PROBLEM TO WORK ON:
Omit the pictures and return every entry exactly as written.

[Dataset entries]
-- -- --

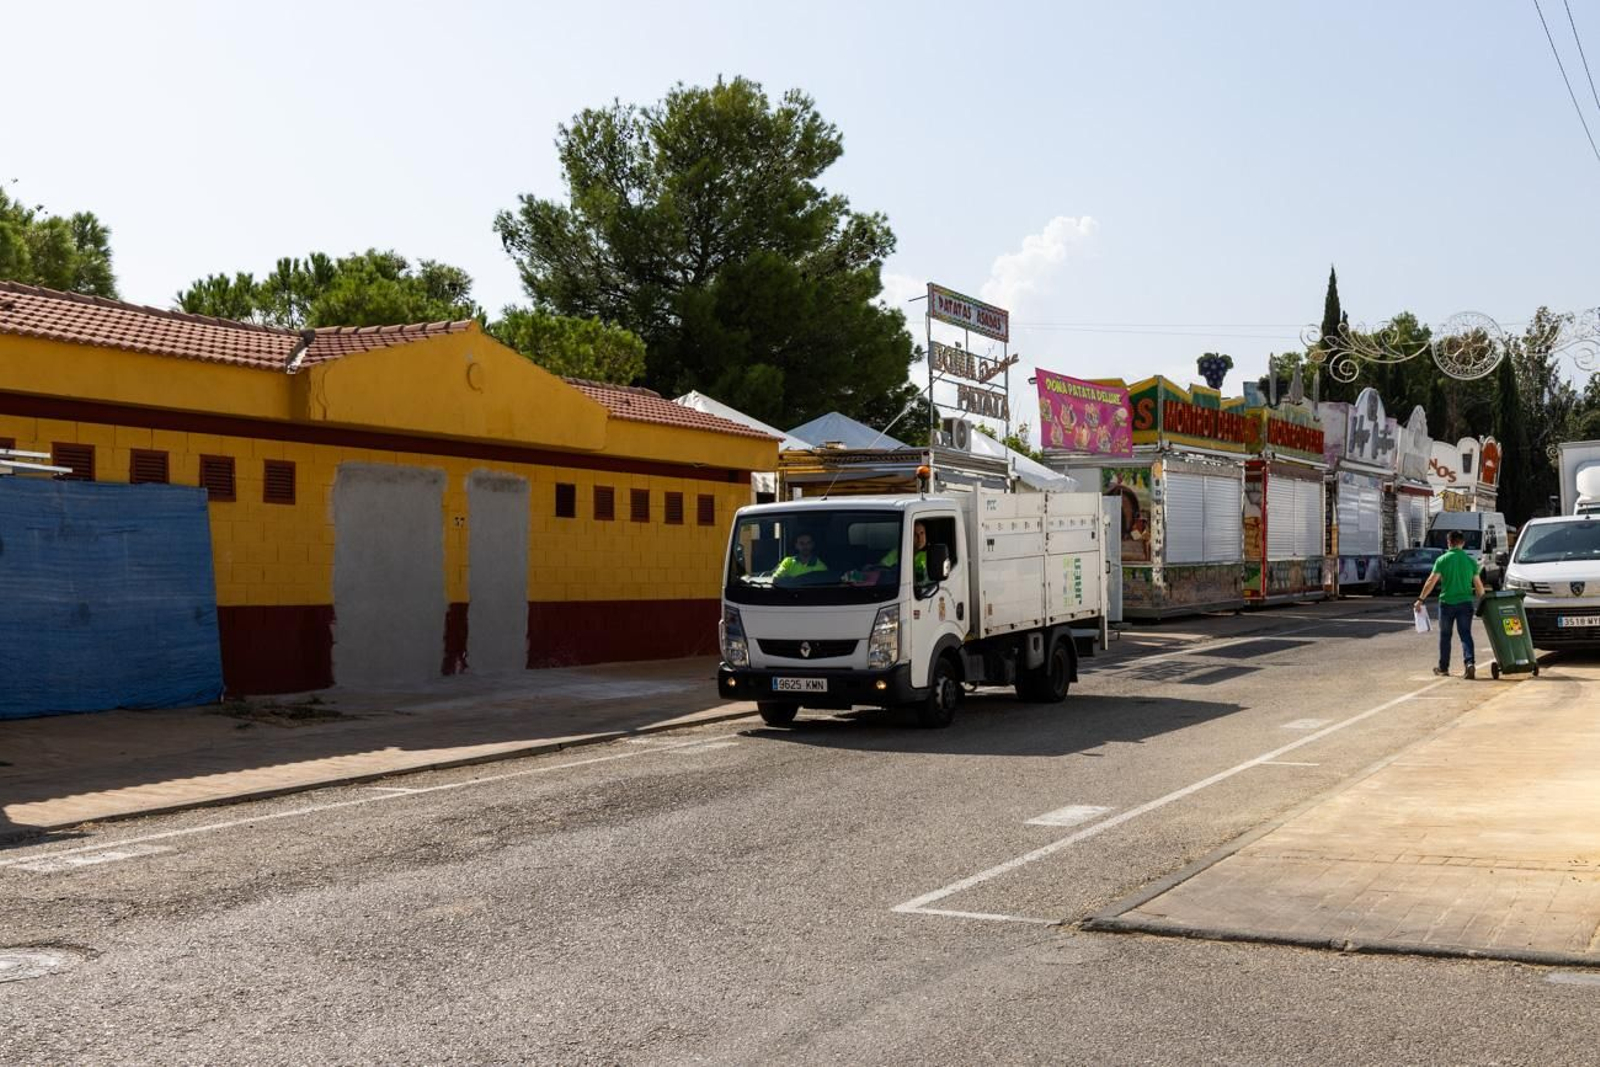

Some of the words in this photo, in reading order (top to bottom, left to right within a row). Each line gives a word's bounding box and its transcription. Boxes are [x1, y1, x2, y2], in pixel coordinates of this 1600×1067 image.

[938, 294, 971, 320] PATATAS
[1045, 375, 1067, 395] DOÑA
[1067, 383, 1096, 401] PATATA
[957, 384, 1011, 422] PATATA
[779, 678, 802, 690] 9625
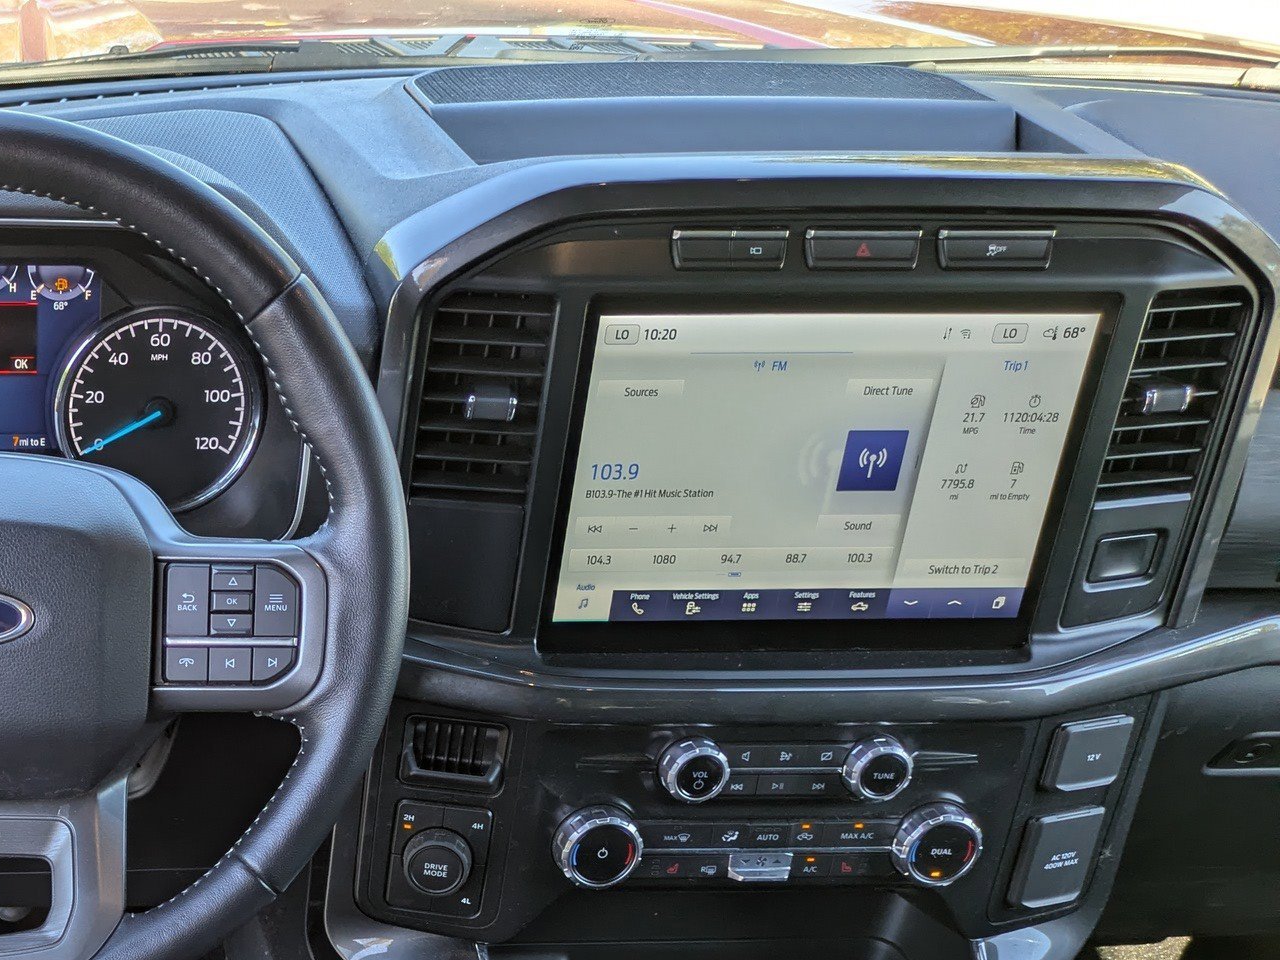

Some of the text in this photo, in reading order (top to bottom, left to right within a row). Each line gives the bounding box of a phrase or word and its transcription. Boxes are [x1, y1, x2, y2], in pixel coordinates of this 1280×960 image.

[9, 282, 17, 293] H
[30, 289, 37, 300] E
[85, 289, 92, 300] F
[614, 328, 678, 341] LO 10:20
[1002, 326, 1086, 339] LO 68°
[150, 333, 171, 347] 60
[108, 352, 129, 366] 40
[150, 353, 169, 361] MPH
[190, 351, 212, 365] 80
[14, 358, 29, 369] OK
[771, 360, 788, 371] FM
[1003, 360, 1029, 373] Trip 1
[204, 389, 230, 403] 100
[624, 387, 659, 397] Sources
[863, 386, 913, 396] Direct Tune
[85, 390, 105, 404] 20
[962, 412, 1059, 423] 21.7 1120:04:28
[962, 427, 1036, 435] MPG Time
[30, 438, 39, 447] to
[40, 437, 46, 447] E
[195, 437, 220, 450] 120
[591, 463, 640, 481] 103.9
[940, 479, 1017, 489] 7795.8 7
[644, 489, 657, 498] Hit
[658, 489, 681, 498] Music
[683, 488, 714, 498] Station
[949, 492, 959, 500] mi
[999, 493, 1007, 501] to
[1007, 493, 1030, 503] Empty
[844, 521, 872, 531] Sound
[586, 555, 612, 565] 104.3
[652, 555, 676, 565] 1080
[720, 554, 742, 564] 94.7
[785, 553, 807, 564] 88.7
[847, 553, 873, 563] 100.3
[928, 564, 998, 577] Switch to Trip 2
[576, 583, 596, 591] Audio
[630, 593, 650, 601] Phone
[673, 592, 719, 602] Vehicle Settings
[743, 592, 759, 601] Apps
[794, 591, 820, 600] Settings
[849, 590, 876, 599] Features
[226, 597, 238, 605] OK
[177, 604, 198, 612] BACK
[264, 604, 288, 612] MENU
[692, 771, 709, 780] VOL
[872, 772, 895, 781] TUNE
[403, 813, 415, 822] 2H
[471, 822, 484, 831] 4H
[756, 833, 780, 842] AUTO
[840, 832, 874, 841] MAX A/C
[931, 847, 953, 856] DUAL
[1051, 854, 1061, 862] AC
[1063, 858, 1079, 868] MAX
[424, 862, 449, 872] DRIVE
[803, 864, 818, 873] A/C
[423, 869, 448, 878] MODE
[460, 897, 472, 905] 4L
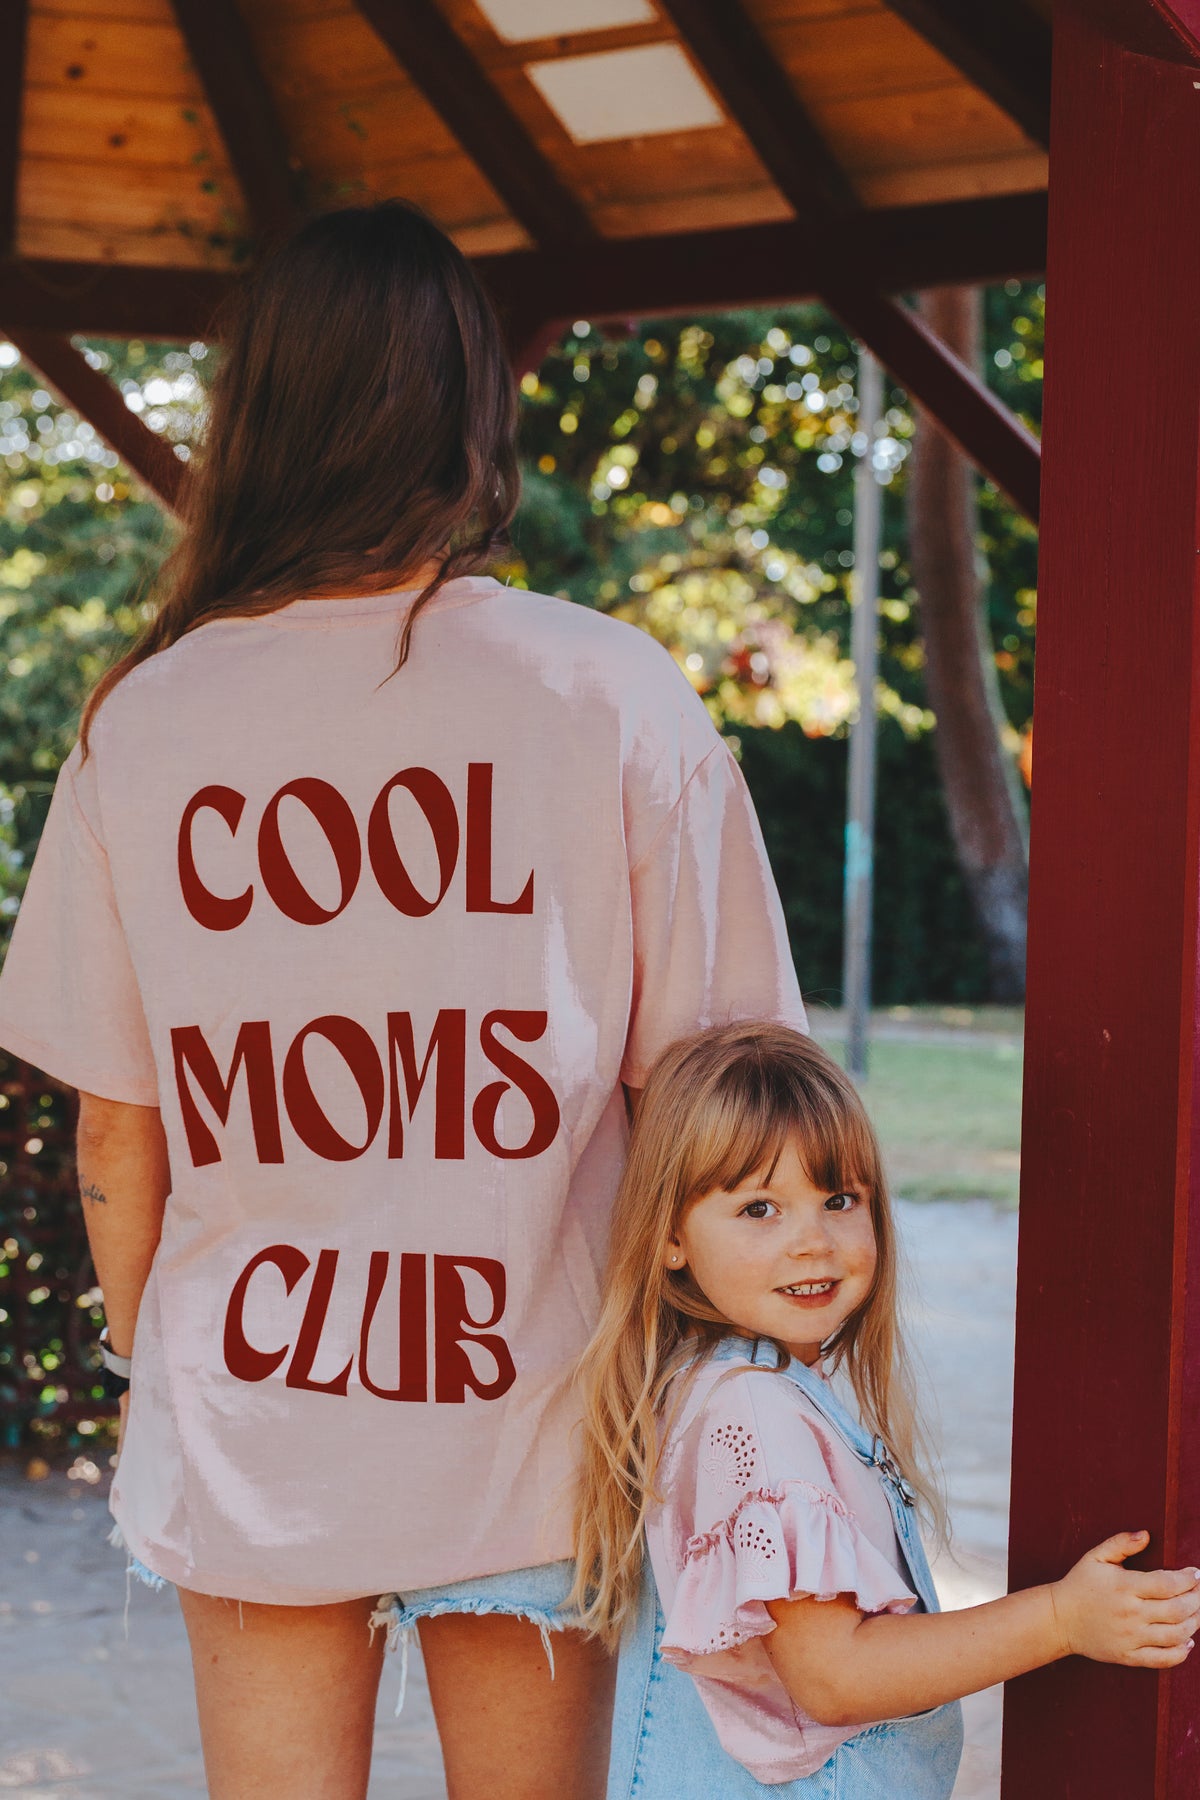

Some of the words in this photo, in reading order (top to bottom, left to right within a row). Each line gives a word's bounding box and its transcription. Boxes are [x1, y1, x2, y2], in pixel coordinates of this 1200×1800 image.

[177, 763, 534, 931] COOL
[170, 1009, 560, 1168] MOMS
[223, 1244, 517, 1403] CLUB

-- -- --

THE COMPLETED TASK:
Some of the words in this photo, in reading order (top to bottom, left to right within a row). Each line gives a word's bounding box and its transcription. Boxes are [x1, y1, x2, y2], in pixel coordinates of this 1600×1067 image.

[938, 294, 971, 320] PATATAS
[1045, 375, 1067, 395] DOÑA
[1067, 383, 1096, 401] PATATA
[957, 384, 1011, 422] PATATA
[779, 678, 802, 690] 9625

Some of the text in this photo, in reading order (top to bottom, left to right within a row). Each line gives the bounding box of a phrase or word and its transcription. Boxes are [x1, y1, x2, y2], in pixel coordinates of this 1280×960 image.

[9, 282, 17, 293] H
[30, 289, 37, 300] E
[85, 289, 92, 300] F
[614, 328, 678, 341] LO 10:20
[1002, 326, 1086, 339] LO 68°
[150, 333, 171, 347] 60
[108, 352, 129, 366] 40
[150, 353, 169, 361] MPH
[190, 351, 212, 365] 80
[14, 358, 29, 369] OK
[771, 360, 788, 371] FM
[1003, 360, 1029, 373] Trip 1
[204, 389, 230, 403] 100
[624, 387, 659, 397] Sources
[863, 386, 913, 396] Direct Tune
[85, 390, 105, 404] 20
[962, 412, 1059, 423] 21.7 1120:04:28
[962, 427, 1036, 435] MPG Time
[30, 438, 39, 447] to
[40, 437, 46, 447] E
[195, 437, 220, 450] 120
[591, 463, 640, 481] 103.9
[940, 479, 1017, 489] 7795.8 7
[644, 489, 657, 498] Hit
[658, 489, 681, 498] Music
[683, 488, 714, 498] Station
[949, 492, 959, 500] mi
[999, 493, 1007, 501] to
[1007, 493, 1030, 503] Empty
[844, 521, 872, 531] Sound
[586, 555, 612, 565] 104.3
[652, 555, 676, 565] 1080
[720, 554, 742, 564] 94.7
[785, 553, 807, 564] 88.7
[847, 553, 873, 563] 100.3
[928, 564, 998, 577] Switch to Trip 2
[576, 583, 596, 591] Audio
[630, 593, 650, 601] Phone
[673, 592, 719, 602] Vehicle Settings
[743, 592, 759, 601] Apps
[794, 591, 820, 600] Settings
[849, 590, 876, 599] Features
[226, 597, 238, 605] OK
[177, 604, 198, 612] BACK
[264, 604, 288, 612] MENU
[692, 771, 709, 780] VOL
[872, 772, 895, 781] TUNE
[403, 813, 415, 822] 2H
[471, 822, 484, 831] 4H
[756, 833, 780, 842] AUTO
[840, 832, 874, 841] MAX A/C
[931, 847, 953, 856] DUAL
[1051, 854, 1061, 862] AC
[1063, 858, 1079, 868] MAX
[424, 862, 449, 872] DRIVE
[803, 864, 818, 873] A/C
[423, 869, 448, 878] MODE
[460, 897, 472, 905] 4L

Some of the words in this photo, in reading order (top to bottom, left to right within a row). Each line gives a word's bounding box and its transcription. Boxes are [x1, y1, x2, y2], in pixel coordinates of this 1200×1800 image.

[177, 763, 534, 931] COOL
[170, 1009, 560, 1168] MOMS
[223, 1244, 517, 1403] CLUB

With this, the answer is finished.